While doing research for this article, I opened the website for the Hudler Carolina Tree Farm in Grassy Creek, NC. Mr. Hudler is know far and wide for his attempts to promote the use of less pesticides and has reduced their need by 50%, grow and produce healthier trees while protecting the environment, and contributing to many needy organizations. He was active in the Little League community providing trees for fundraisers and other activities.
To read about his senseless killing and that of his son and another devoted worker, struck me with a deep sadness. I felt a need more than ever to honor this family and share just how much he has improved every aspect of the industry. As you read my report, please keep in mind that the Hudler family vastly changed this industry for the good of you and the posterity of future generations. Without his guidance and service, our land, air, and waters would have posed a threat to life on every level. I am so grateful to this family for their continued efforts to remain a quality farm and carry on for their dad, Ron Hudler.
Here is a link to their farm if you feel so inclined to send them a thank you note or perhaps an email. Please visit their site and learn more about this family and see the album of their beautiful farm. http://www.hudlertrees.com/ Click on the In Memory of Ron and Fred to see the story about the deaths in that family. It was a robbery and the person responsible has been caught and charged. You can read the story here- http://www.mountaintimes.com/mtweekly/2008/0124/breakingnews.php3 Mr. Hudler is a man who has helped you and your children and you didn’t even know it. Bless his family.
North Carolina has 1,600 growers producing an estimated 50 million Fraser fir Christmas trees growing on over 25,000 acres. Fraser Fir trees represent over 90% of all species grown in North Carolina. The North Carolina Christmas Tree Industry is ranked second in the nation in number of trees harvested.
http://ncchristmastrees.com/ — second only to Oregon.
Did you know that North Carolina is the second largest supplier of Christmas trees? I did! I visit our mountain areas several times a year. They are only an hour from my home. It is a beautiful sight to see thousands of Christmas trees growing up the side of the mountains. If you were to get out of your car, you would be able to smell them too.

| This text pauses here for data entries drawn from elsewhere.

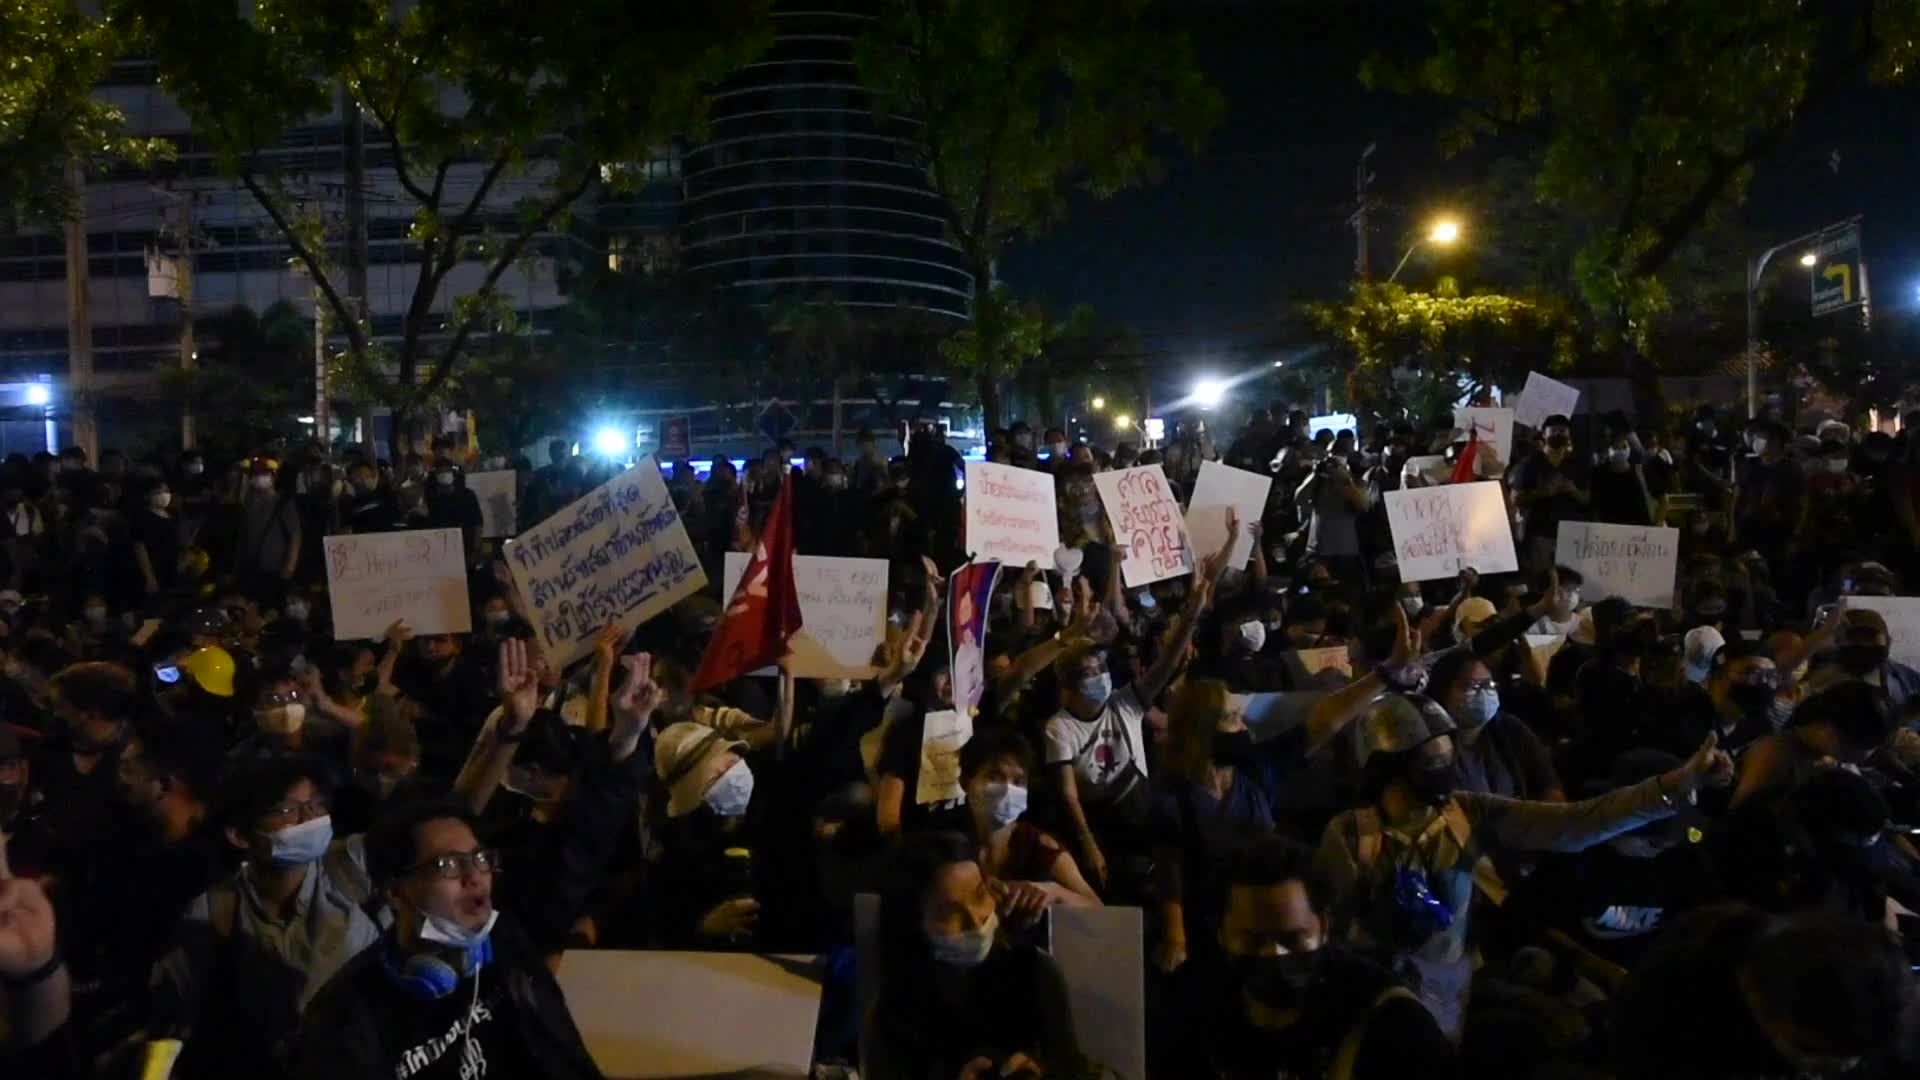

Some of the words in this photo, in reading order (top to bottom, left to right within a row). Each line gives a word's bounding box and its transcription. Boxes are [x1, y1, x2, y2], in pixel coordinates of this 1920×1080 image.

[1118, 471, 1161, 499] ศาล
[1131, 526, 1185, 559] ควย
[1597, 905, 1664, 930] NIKE
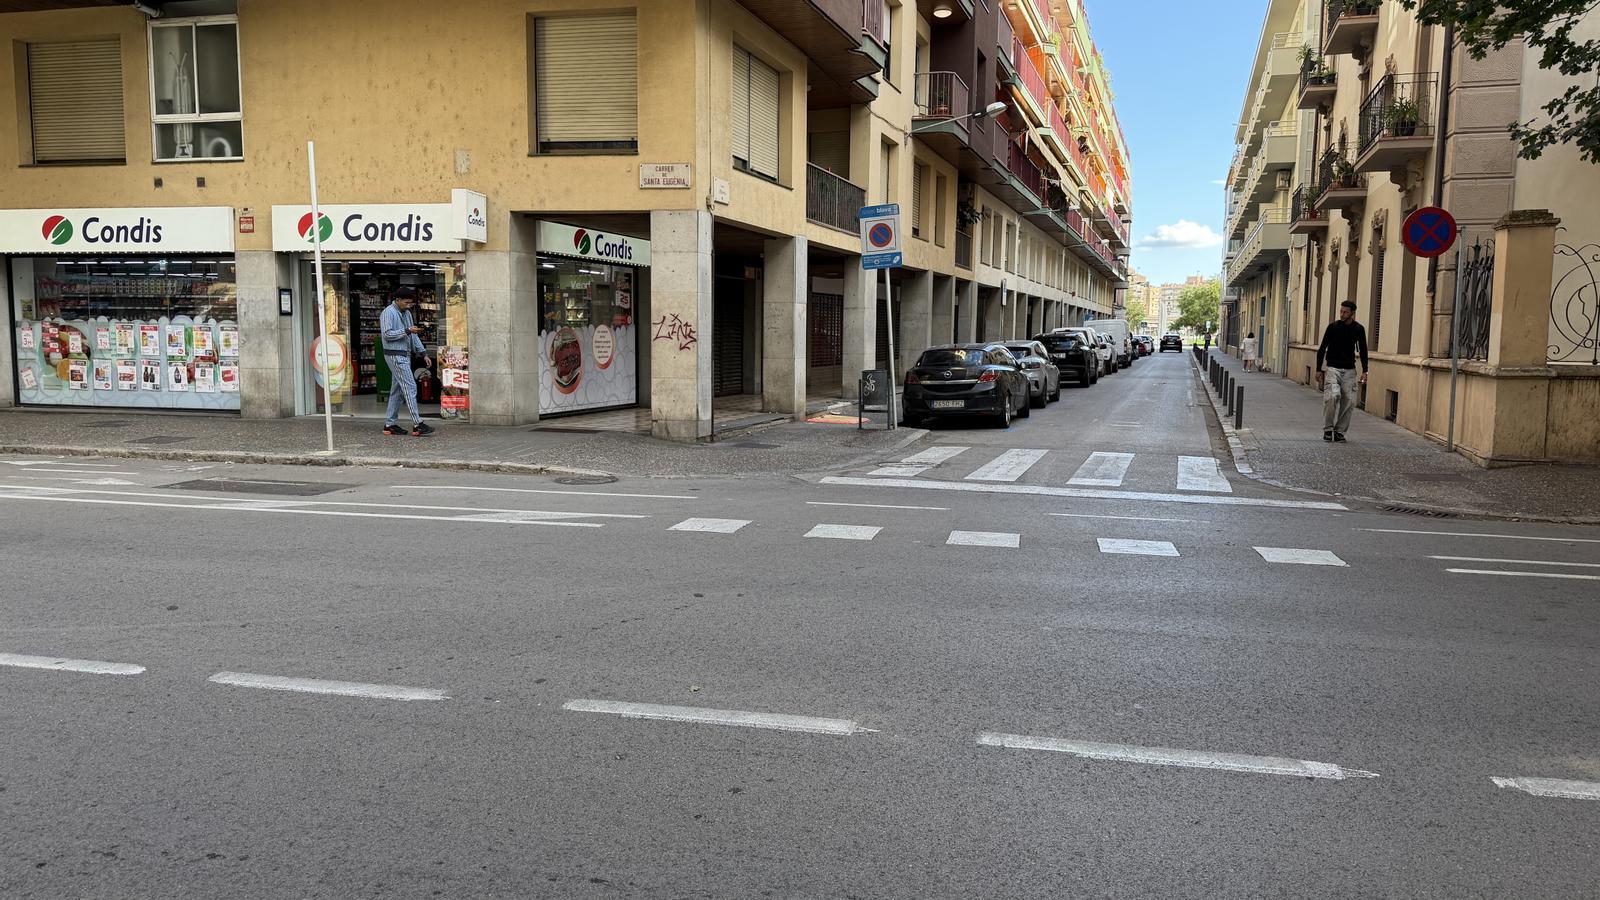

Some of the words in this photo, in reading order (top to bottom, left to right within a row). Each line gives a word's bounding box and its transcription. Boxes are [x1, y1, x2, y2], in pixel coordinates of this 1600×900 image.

[655, 165, 675, 173] CARRER
[643, 177, 661, 186] SANTA
[82, 216, 162, 244] Condis
[343, 214, 433, 242] Condis
[468, 215, 485, 227] Condis
[595, 234, 633, 261] Condis

The Fraser Fir has that distinct smell that we associate with the holidays this time of year.
It takes many years to grow a mature tree. Seeds are taken from the cone and planted in the soil. They are covered with straw and a shade cloth to protect it from frost and winds. After three years of growth they are transplanted to another location for their second stage of maturity.

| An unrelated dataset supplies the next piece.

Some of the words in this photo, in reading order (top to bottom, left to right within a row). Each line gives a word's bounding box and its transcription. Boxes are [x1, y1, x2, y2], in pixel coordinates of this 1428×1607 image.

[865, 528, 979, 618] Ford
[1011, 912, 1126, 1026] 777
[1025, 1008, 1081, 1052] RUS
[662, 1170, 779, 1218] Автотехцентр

This second stage is called a line out area. They will grow there for two years until they are mature enough to grow in the open hillside with the other trees. A line out area consist of many small trees so each one doesn’t have to compete for sunlight. With them all growing at the same height and rate, they don’t have to suffer from a taller tree robbing them of sunlight.
For the next 7 to 10 years, the tree farmers will shape and trim the trees to achieve the look preferred by consumers. At 3 years, the tree tops are cut off. This allows the tree to grow productively outward instead of its fast upward habit. At this point, there is an ongoing effort to shape the tree in the desired form.
Growers in NC are very conscious of erosion, soil depletion, and insect control. There is genetic testing being done behind the scenes as an effort to grow a tree that is more resistant to pest. NC growers would like to be an organic operation practicing those pest control measures that will ensure a future toward safer methods to control toxins for the environment.
North Carolina is a leader in the area of clean air and water. NC considers it their goal to be independent of fossil fuels and responsible for our air and water quality. Our state and universities are to be commended on their efforts to pass laws and ordinances, invest in renewable fuel sources, and educate our citizens on a toxic free NC. The efforts are paying off for us and you.
Scouting for pest is a preferred measure to sparying for pest. http://ipm.ncsu.edu/Scouting_Fraser_Fir/bwa.html
One area that stands out would be our Christmas tree growers. Their constant efforts to use less pesticides and control erosion affects our quality of life. Our streams are getting healthy and recovering from the years of ignorant practices from all farmers and industries. If you were to see a Christmas tree farm in NC, you would certainly notice how all of nature around them is thriving. More trees are planted each year than are harvested. Trees are not harvested from the natural forest but are cut from tree farms just as you would harvest wheat or corn. For every tree cut, at least two are planted in its place. The trees are home to many birds and wildlife who benefit from this industry.
It takes anywhere from 10 to 15 years to produce a tree that is desirable for retail. For every acre of planted trees, it supports enough oxygen for 18 people. Each planted acre of trees can absorb about 11,000 lbs of carbon dioxide a year. Fraser Firs are a negative carbon dioxide tree meaning they will emit less in their decomposing than is consumed in giving them life. www.mcclimanschristmas.com/html/our_trees.html
Mr. Hudler and his family provide a much needed source of income for migrant workers and employ a great deal of them on a full time basis. They are extremely good to their hard working force of people providing them with food during the peak cutting time. Rumor has it that Mr. Hudler was keenly involved with their personal needs on occasion. The Hudler family continues on in the memory of the three men whose lives will not be forgotten by me and now by you. Thank you Hudler family!